Ci regala così un’operina garbata e divertente che lievita progressivamente fino a farsi “cinema” (e che cinema!) attraverso i ritmi frenetici e un po’ sopra le righe della sua struttura e nell’accettazione totale delle convenzioni codificate del genere, anche se “rigenerate” in toto. Trova così il suo sviluppo pratico utilizzando un andamento elettrizzante anche se un po’ rapsodico (ma che non si disperde mai in didascaliche divagazioni) in cui è ancora una volta lo scorrere del tempo, la voglia di filmarlo e di “scolpirlo” nel suo scorrere (Francesco Crispino) lo scopo primario e prioritario della sua narrazione per immagini insieme a quello (venato di una buona dose di nostalgia) della fine (inesorabile) della giovinezza.
Non ci sono insomma messaggi particolari da inviare questa volta, anche se il film richiede riflessione e attenzione onde evitare di considerarlo un semplice e banalotto College-Movies (che è poi l’accusa – a mio avviso ingiustificata – che gli è stata lanciata da una parte non solo d ella critica, ma anche del pubblico).
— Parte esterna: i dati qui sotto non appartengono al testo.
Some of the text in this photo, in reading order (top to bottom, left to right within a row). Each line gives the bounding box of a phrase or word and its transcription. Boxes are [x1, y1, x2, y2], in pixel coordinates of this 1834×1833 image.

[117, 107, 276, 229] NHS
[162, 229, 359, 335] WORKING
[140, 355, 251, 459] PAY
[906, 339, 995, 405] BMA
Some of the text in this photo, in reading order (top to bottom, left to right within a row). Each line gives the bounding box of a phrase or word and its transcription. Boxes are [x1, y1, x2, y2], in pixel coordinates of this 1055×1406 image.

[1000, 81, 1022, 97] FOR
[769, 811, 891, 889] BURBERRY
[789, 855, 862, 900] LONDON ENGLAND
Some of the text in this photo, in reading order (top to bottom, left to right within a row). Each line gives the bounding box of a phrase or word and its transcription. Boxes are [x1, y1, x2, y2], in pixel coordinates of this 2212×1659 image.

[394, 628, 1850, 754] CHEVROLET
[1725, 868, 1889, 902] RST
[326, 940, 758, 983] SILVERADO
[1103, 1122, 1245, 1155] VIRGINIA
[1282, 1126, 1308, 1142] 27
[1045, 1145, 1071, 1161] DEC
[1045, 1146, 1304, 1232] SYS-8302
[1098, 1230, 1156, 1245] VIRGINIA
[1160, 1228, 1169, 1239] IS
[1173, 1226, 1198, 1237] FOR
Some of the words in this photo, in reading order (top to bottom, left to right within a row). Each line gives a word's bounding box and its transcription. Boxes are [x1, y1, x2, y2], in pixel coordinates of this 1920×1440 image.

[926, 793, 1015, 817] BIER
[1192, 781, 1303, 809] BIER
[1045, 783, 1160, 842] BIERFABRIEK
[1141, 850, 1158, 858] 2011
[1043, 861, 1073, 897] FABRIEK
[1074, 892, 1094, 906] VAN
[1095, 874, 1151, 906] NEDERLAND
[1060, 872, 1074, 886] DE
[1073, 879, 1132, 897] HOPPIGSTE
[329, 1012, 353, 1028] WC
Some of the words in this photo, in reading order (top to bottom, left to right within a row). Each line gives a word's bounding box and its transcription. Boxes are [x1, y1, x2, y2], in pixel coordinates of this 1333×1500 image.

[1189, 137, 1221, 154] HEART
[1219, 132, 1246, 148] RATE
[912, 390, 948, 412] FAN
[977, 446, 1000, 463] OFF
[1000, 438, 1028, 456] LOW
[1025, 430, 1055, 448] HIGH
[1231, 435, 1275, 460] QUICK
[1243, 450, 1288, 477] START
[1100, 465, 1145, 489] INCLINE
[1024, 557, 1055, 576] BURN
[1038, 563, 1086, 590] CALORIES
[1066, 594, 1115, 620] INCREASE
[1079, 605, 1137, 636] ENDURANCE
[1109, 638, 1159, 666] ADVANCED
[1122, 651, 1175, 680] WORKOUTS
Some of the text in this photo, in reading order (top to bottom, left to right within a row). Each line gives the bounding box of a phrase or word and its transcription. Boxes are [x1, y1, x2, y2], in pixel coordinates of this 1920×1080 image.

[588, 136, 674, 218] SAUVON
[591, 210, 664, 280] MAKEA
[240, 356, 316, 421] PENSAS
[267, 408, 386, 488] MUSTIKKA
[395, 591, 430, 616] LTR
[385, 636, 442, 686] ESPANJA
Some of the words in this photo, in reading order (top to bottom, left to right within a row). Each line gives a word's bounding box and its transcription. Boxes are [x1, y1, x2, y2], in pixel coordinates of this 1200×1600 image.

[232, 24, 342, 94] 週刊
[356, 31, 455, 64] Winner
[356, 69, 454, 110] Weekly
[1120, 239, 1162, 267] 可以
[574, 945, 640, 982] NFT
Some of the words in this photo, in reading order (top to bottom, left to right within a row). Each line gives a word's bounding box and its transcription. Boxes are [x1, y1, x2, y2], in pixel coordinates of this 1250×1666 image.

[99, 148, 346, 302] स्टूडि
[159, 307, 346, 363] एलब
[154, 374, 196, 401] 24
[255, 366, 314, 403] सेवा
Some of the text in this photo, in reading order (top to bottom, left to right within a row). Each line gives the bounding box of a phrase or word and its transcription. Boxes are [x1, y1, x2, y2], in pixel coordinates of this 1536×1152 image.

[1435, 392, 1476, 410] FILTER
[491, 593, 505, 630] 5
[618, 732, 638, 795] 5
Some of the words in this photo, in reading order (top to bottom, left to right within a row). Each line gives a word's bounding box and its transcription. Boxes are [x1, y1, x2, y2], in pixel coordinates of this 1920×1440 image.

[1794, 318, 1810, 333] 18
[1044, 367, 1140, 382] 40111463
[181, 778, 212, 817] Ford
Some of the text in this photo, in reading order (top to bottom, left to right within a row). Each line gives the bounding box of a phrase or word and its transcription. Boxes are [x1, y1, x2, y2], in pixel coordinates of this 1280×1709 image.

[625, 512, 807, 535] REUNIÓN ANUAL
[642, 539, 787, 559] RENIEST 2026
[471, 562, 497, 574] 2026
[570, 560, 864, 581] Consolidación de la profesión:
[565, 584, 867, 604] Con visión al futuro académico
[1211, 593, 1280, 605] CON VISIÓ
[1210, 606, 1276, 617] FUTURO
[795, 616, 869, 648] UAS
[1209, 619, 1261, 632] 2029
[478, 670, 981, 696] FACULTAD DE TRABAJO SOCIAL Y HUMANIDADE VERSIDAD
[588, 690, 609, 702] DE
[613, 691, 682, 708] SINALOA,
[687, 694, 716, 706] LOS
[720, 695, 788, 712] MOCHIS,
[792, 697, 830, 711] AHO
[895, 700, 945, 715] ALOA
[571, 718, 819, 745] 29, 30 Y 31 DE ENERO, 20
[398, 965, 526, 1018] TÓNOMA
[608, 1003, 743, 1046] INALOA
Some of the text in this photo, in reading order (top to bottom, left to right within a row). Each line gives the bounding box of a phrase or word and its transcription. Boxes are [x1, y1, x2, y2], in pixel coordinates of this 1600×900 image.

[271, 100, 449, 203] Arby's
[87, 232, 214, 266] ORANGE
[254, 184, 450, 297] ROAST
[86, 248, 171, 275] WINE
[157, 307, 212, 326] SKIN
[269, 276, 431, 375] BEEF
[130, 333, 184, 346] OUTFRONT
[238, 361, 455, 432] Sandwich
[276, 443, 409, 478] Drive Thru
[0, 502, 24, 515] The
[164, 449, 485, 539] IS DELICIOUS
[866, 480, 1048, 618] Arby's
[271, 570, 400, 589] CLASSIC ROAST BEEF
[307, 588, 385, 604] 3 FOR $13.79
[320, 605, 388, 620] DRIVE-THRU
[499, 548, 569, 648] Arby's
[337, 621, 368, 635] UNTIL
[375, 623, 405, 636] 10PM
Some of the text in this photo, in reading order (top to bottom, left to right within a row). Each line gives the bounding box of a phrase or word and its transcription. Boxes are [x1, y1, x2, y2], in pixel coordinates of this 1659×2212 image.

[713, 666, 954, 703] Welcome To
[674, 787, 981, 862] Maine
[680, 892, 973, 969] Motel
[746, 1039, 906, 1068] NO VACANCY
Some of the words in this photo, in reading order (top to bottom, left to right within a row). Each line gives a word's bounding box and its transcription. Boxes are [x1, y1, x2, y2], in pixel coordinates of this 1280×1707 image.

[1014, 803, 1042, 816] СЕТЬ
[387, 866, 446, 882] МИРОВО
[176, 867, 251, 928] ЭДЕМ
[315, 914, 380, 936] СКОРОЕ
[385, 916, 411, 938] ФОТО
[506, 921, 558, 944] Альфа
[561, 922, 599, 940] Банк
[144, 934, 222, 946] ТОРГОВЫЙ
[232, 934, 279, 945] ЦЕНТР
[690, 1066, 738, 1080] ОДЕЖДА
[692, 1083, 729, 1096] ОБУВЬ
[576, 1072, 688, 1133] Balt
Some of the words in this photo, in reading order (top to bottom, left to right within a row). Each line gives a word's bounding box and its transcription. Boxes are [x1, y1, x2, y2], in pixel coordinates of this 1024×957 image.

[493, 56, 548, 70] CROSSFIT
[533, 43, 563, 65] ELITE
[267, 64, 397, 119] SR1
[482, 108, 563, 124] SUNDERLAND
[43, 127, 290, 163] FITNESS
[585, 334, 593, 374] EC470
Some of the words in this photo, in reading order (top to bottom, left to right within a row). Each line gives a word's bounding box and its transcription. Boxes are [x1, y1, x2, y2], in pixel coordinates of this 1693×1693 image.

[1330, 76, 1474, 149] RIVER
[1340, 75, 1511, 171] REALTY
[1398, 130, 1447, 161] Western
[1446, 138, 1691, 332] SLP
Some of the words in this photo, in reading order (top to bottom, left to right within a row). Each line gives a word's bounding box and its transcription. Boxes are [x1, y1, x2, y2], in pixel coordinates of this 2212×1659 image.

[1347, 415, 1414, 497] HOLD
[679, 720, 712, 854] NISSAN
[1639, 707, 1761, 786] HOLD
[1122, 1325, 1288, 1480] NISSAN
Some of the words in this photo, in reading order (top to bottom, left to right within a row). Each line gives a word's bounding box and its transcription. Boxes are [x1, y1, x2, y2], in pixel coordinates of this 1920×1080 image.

Per me invece Linklater si conferma anche qui come uno dei più interessanti registi americani attualmente in attività capace com’è di disegnare (sue sono anche le sceneggiature) splendide figure piene di vitalità e di adottare soluzioni formali assolutamente convincenti e funzionali che aggiornano al presente la solida classicità che ha reso grande il cinema d’oltre oceano del passato, ma che da un po’ di tempo si è resa invece latitante in molte pellicole del presente.
Tutti vogliono qualcosa è dunque un film davvero toccato dalla grazia che pur nella sua apparente leggerezza disarmante, sembra fatto apposta per ribadire il trasporto emotivo (la fascinazione insomma) che lega indissolubilmente (e in forma assolutamente personale) il cinema del regista alla poetica proustiana della ricerca del tempo perduto. E’ anche però un'appassionante diapositiva colorata dove il ritratto individuale si sovrappone a quello culturale e sociale del periodo di riferimento che sfuma in un finale ellittico e sorridente che si conclude con un coro collettivo e un po’ sgangherato urlato a squarciagola sulle note di Rapper’s Delight (I said a hip hop, / The hippie, the hippie, / To the hip, hip hop, and you don't stop, a rock it / To the bang bang boogie, say, up jump the boogie).
[1] Il riferimento è anche alla famosissima serie televisiva "Cosmos: A Personal Voyage", andata in onda nel 1980 e vista da almeno 500 milioni di persone in 60 paesi diversi che fiancheggiò l’uscita del libro di Sagan a cui si è accennato sopra che influenzò con le sue teorie, molti giovani dell’epoca (scrittore che – per inciso - è stato anche l’autore del romanzo di fantascienza Contact dal quale fu tratto nel 1997 il soggetto per l’omonimo film diretto da Robert Zemeckis con Jodie Foster e Matthew McConaughey).